__HOW TO COMPLETE THIS TASK__:
I'd like the records transcribed exactly, leaving the images out.

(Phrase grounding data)
⁂
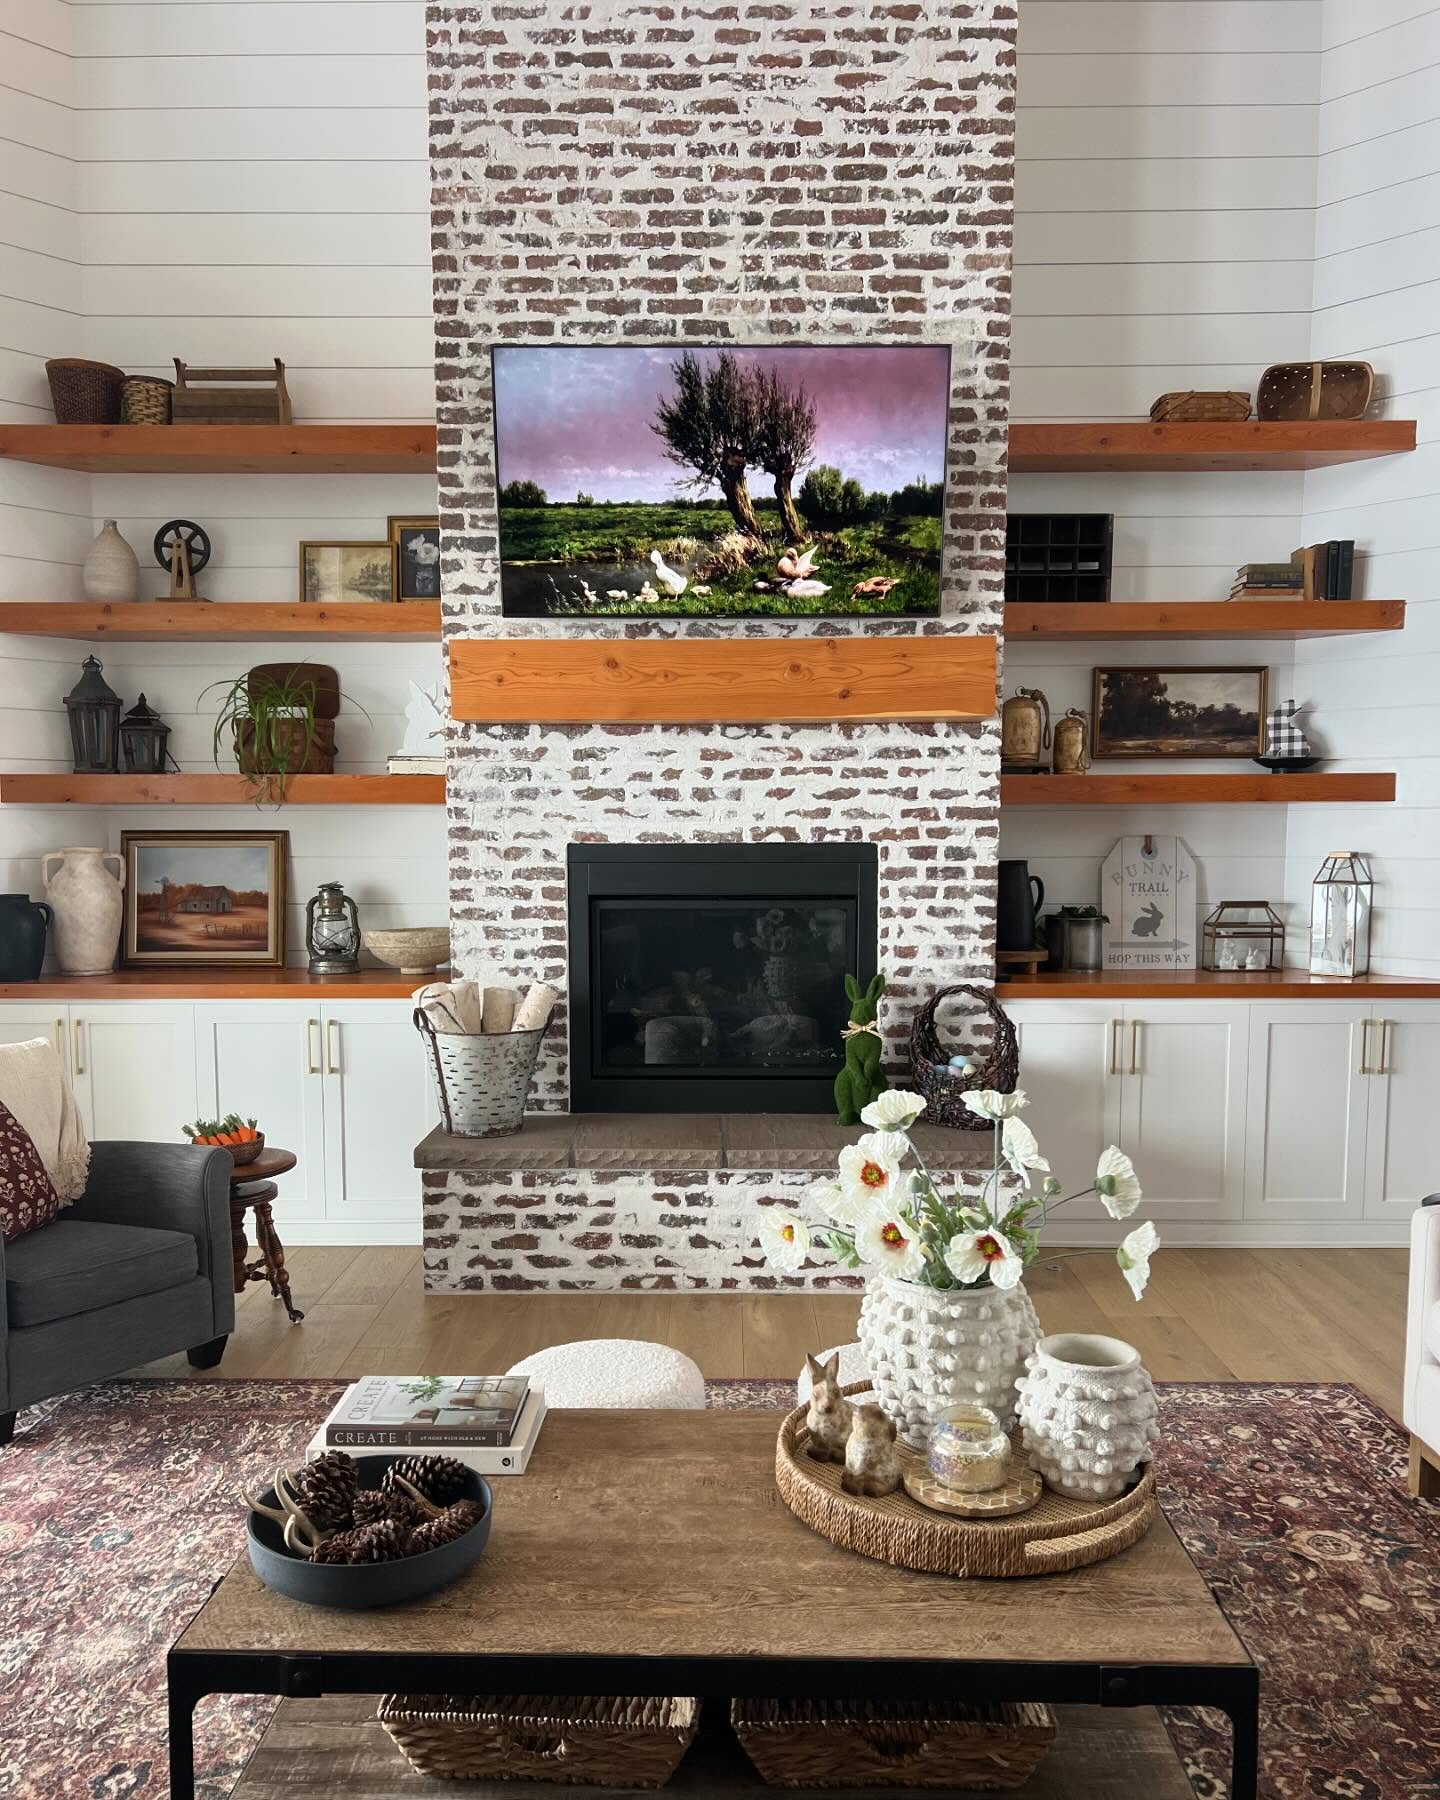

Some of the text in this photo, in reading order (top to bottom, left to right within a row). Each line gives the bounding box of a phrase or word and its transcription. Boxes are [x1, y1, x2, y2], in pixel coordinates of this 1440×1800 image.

[1112, 862, 1190, 886] BUNNY
[1128, 882, 1169, 893] TRAIL
[1108, 953, 1190, 964] HOP THIS WAY
[348, 1378, 387, 1420] CREATE
[334, 1432, 397, 1443] CREATE
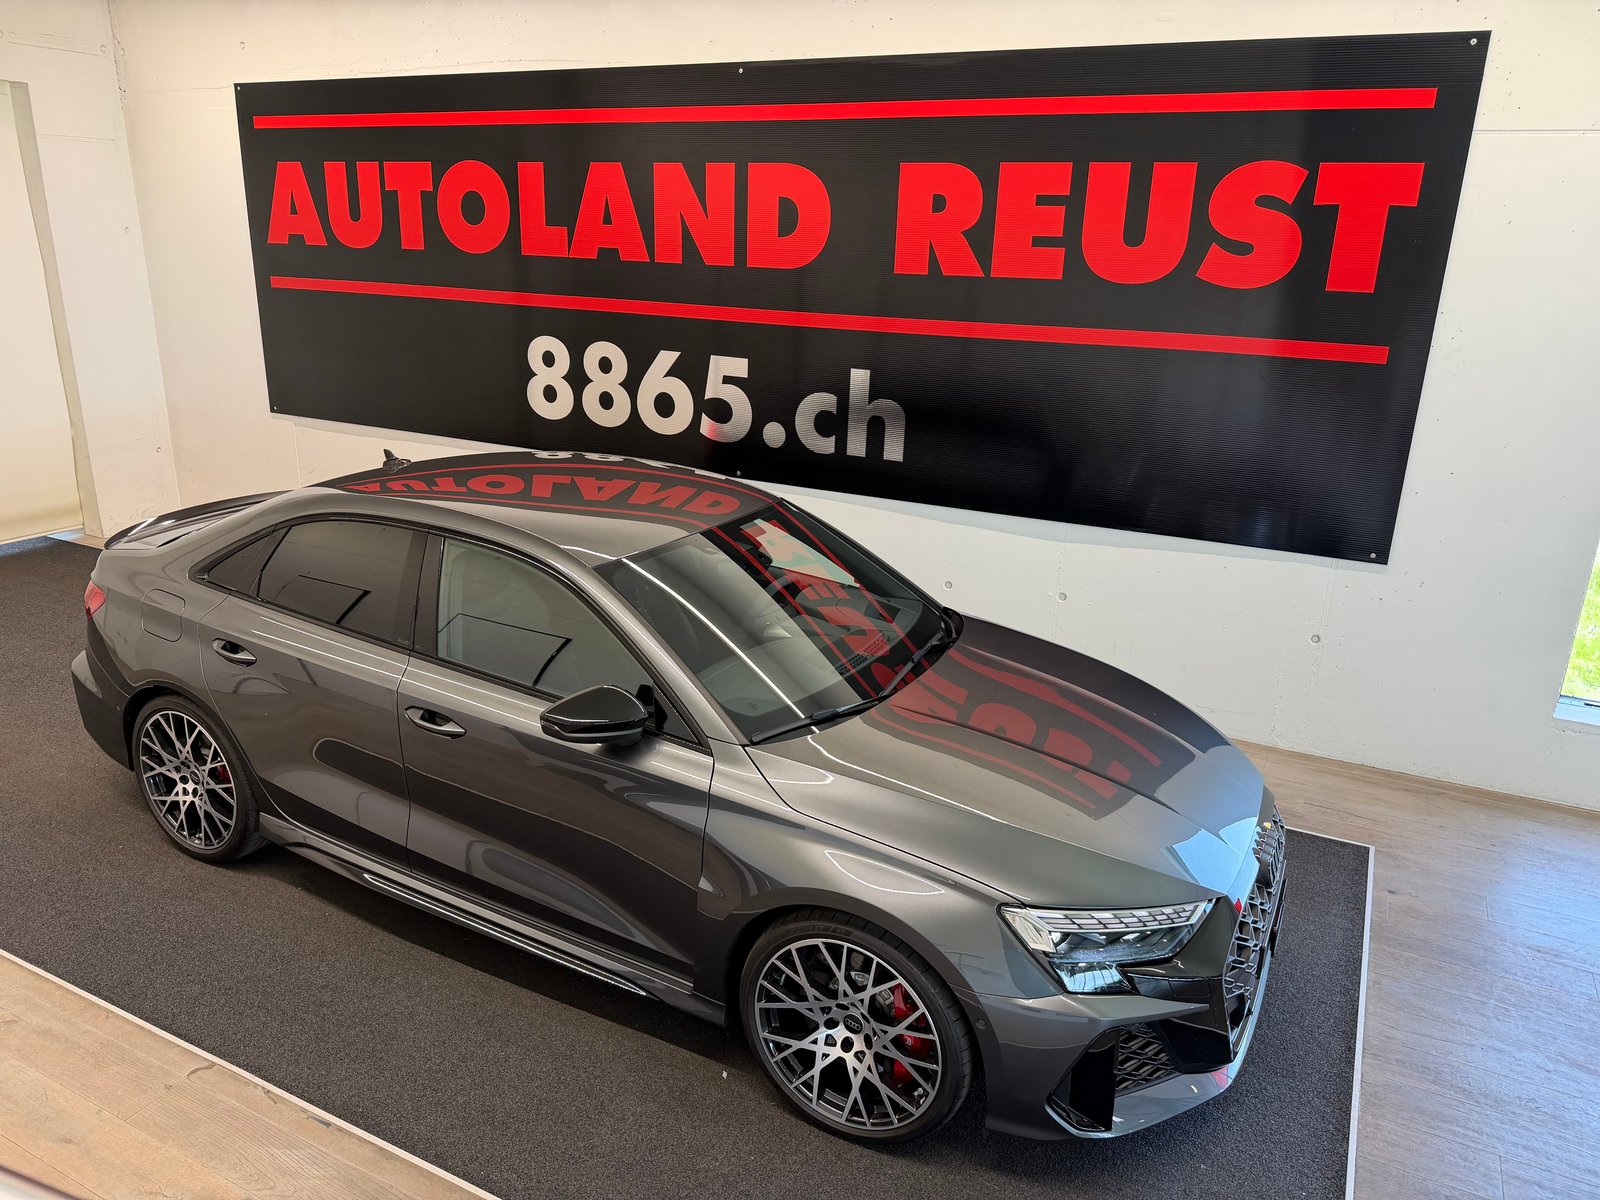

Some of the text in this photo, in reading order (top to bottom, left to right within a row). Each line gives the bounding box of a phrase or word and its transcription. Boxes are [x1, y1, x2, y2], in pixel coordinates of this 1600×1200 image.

[267, 159, 1425, 294] AUTOLAND REUST
[526, 335, 906, 464] 8865.ch
⁂
__COMPLETED TASK__:
Some of the text in this photo, in reading order (top to bottom, left to right within a row). Each line gives the bounding box of a phrase or word and its transcription. Boxes are [x1, y1, x2, y2], in pixel coordinates of this 1440×1800 image.

[1112, 862, 1190, 886] BUNNY
[1128, 882, 1169, 893] TRAIL
[1108, 953, 1190, 964] HOP THIS WAY
[348, 1378, 387, 1420] CREATE
[334, 1432, 397, 1443] CREATE

Some of the text in this photo, in reading order (top to bottom, left to right within a row). Each line gives the bounding box of a phrase or word and its transcription. Boxes are [x1, y1, x2, y2], in pixel coordinates of this 1600×1200 image.

[267, 159, 1425, 294] AUTOLAND REUST
[526, 335, 906, 464] 8865.ch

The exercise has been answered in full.